How to Build an AI Agent with Claude API in Python

Published February 23, 2026 · 10 min read

Everyone's talking about AI agents. But most tutorials either hand-wave over the hard parts or dump a 500-line framework on you without explaining what's actually happening. Let's fix that.

In this guide, we'll build a real AI agent from scratch using Claude Sonnet 4.6 and Python. No frameworks. No LangChain.
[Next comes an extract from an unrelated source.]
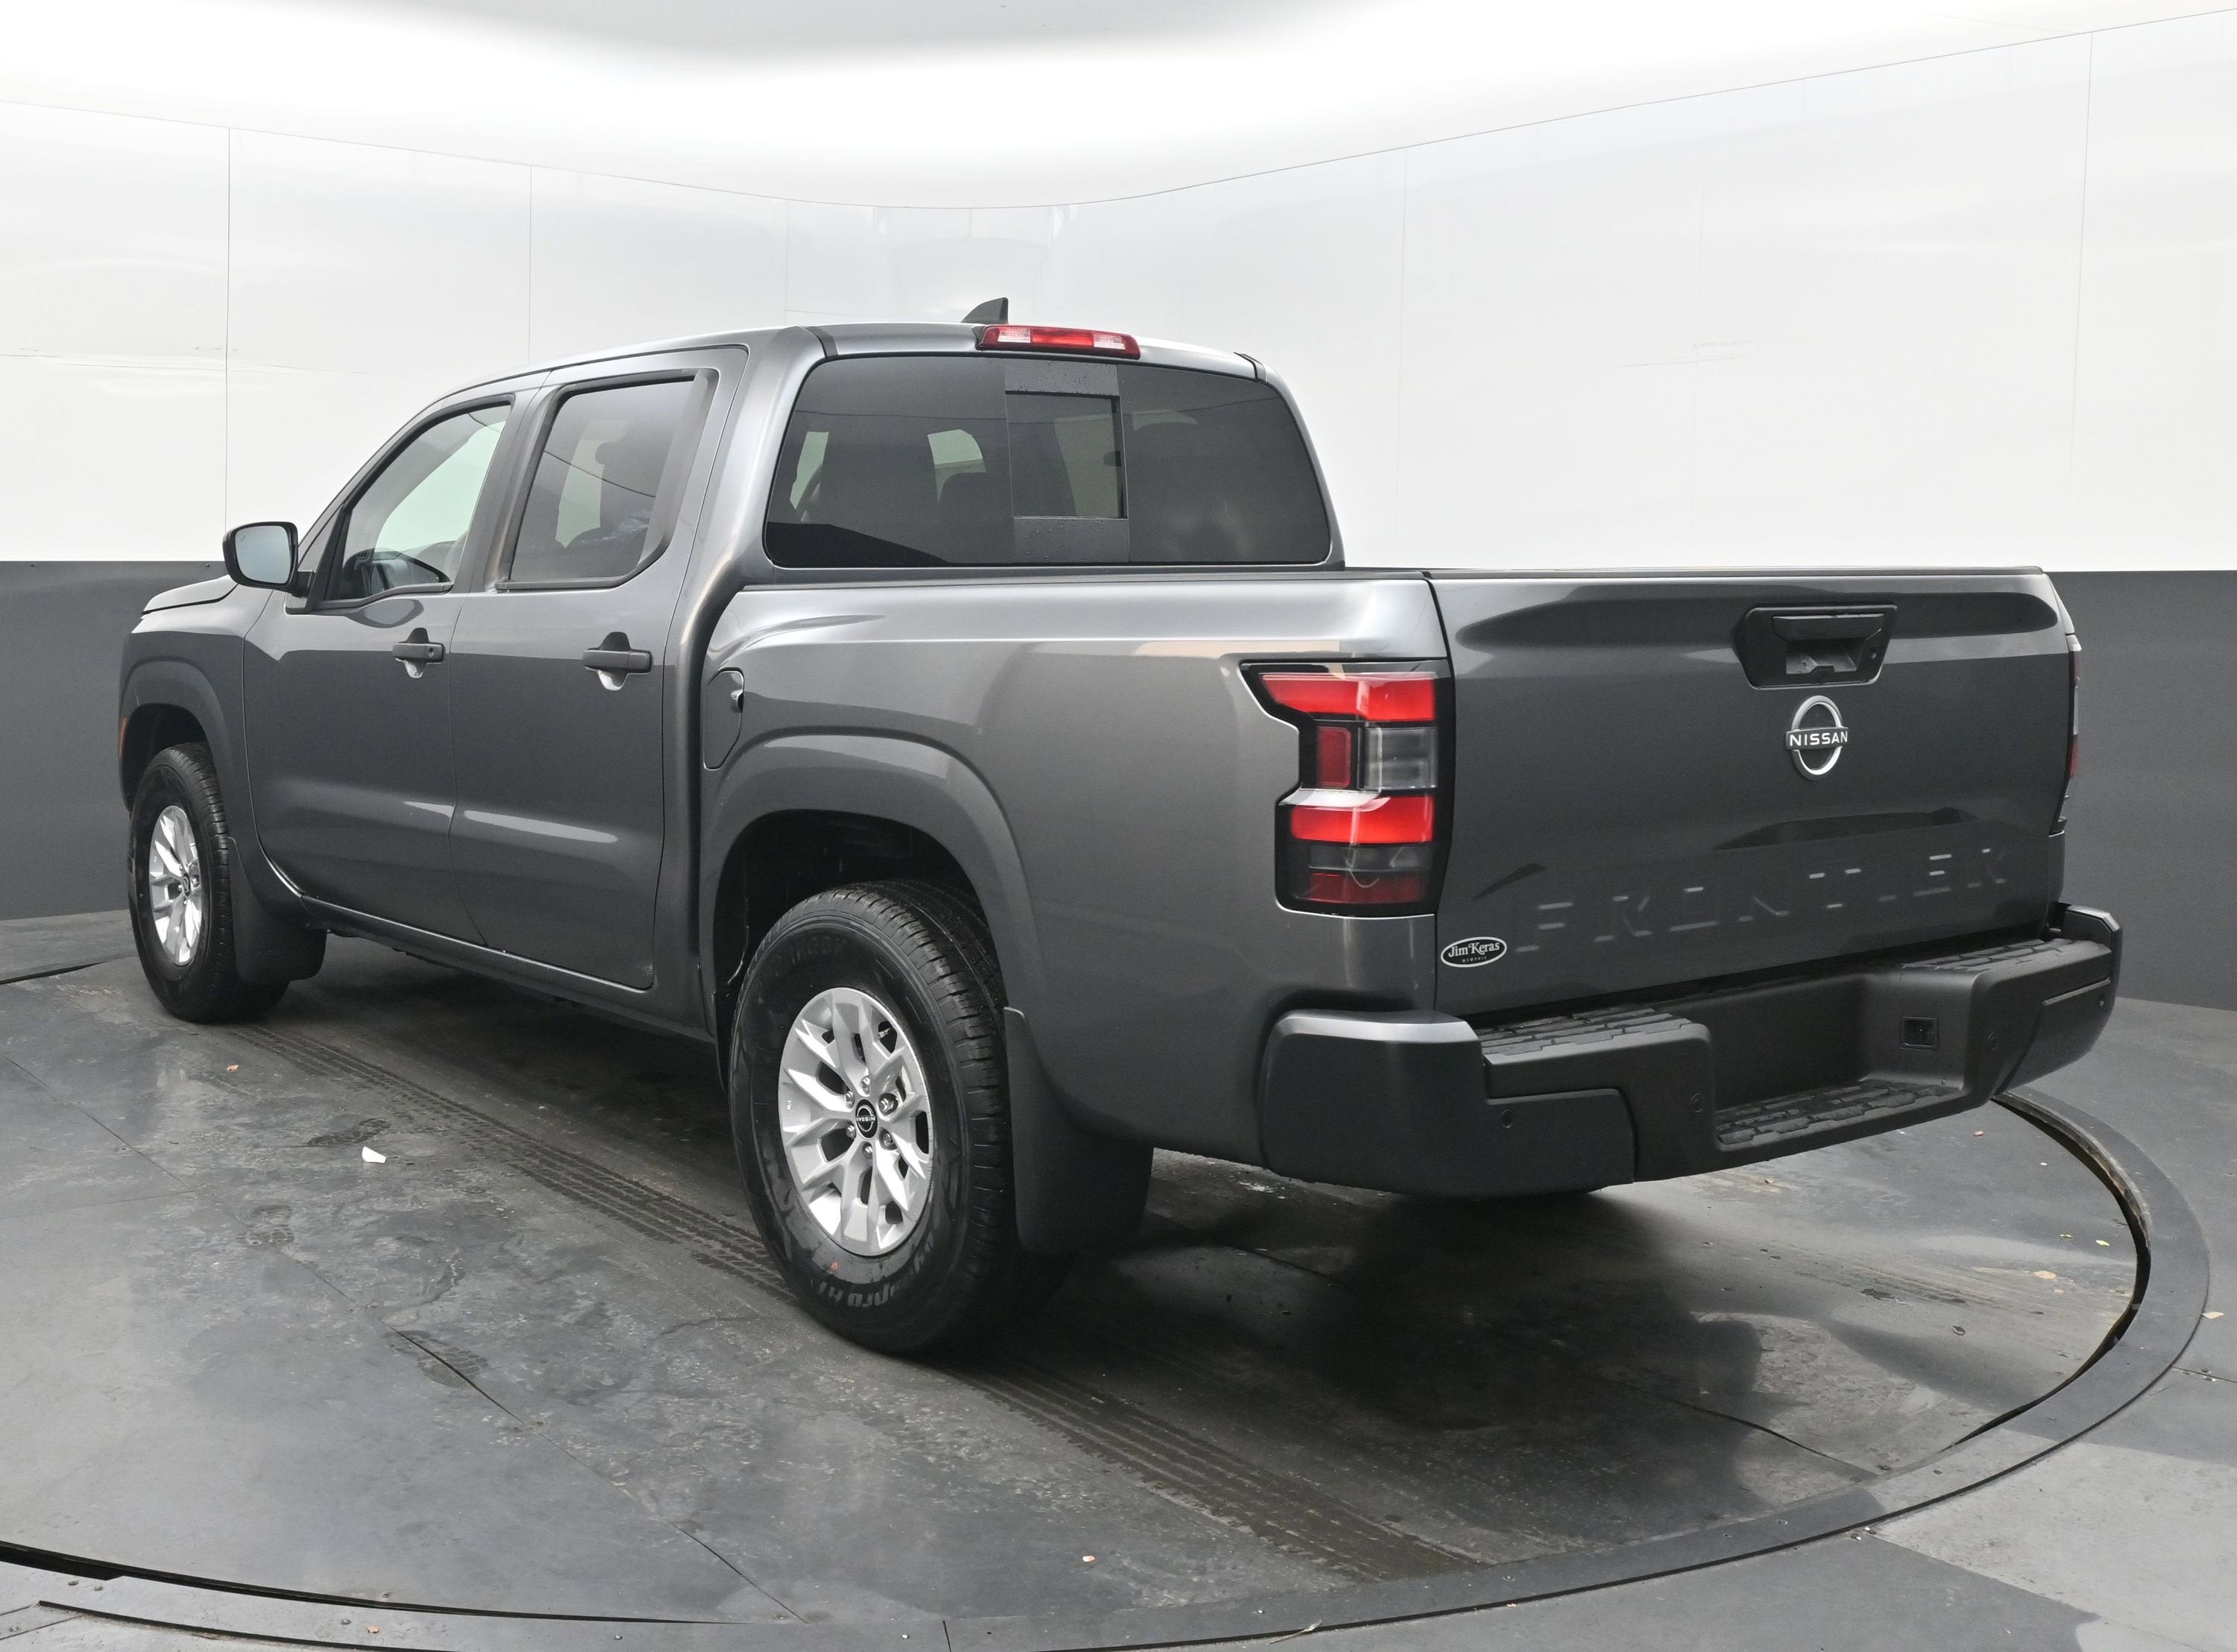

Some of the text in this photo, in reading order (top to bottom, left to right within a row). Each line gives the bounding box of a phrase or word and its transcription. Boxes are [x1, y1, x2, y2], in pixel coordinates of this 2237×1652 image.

[1790, 731, 1849, 746] NISSAN
[1449, 942, 1500, 957] Jim Keras
Just the OpenAI-compatible API, a loop, and some tools. By the end, you'll have a working agent that can search the web, read files, and make decisions on its own.

What Makes an Agent Different from a Chatbot?

A chatbot takes input, generates output. Done. An agent does something fundamentally different: it decides what to do next. It has a goal, it picks tools, it executes actions, and it loops until the job is done.

The core pattern is dead simple:

Send a message to the LLM with a list of available tools
The LLM either responds with text (done) or requests a tool call
You execute the tool and send the result back
Repeat until the LLM says it's finished

That's it. That's the agent loop. Everything else — memory, planning, multi-agent orchestration — is built on top of this.

Prerequisites

You'll need Python 3.10+ and the OpenAI SDK. We're using the OpenAI SDK because Claude's API is OpenAI-compatible through gateways, which means the same code works with GPT-5, Gemini, or any other model.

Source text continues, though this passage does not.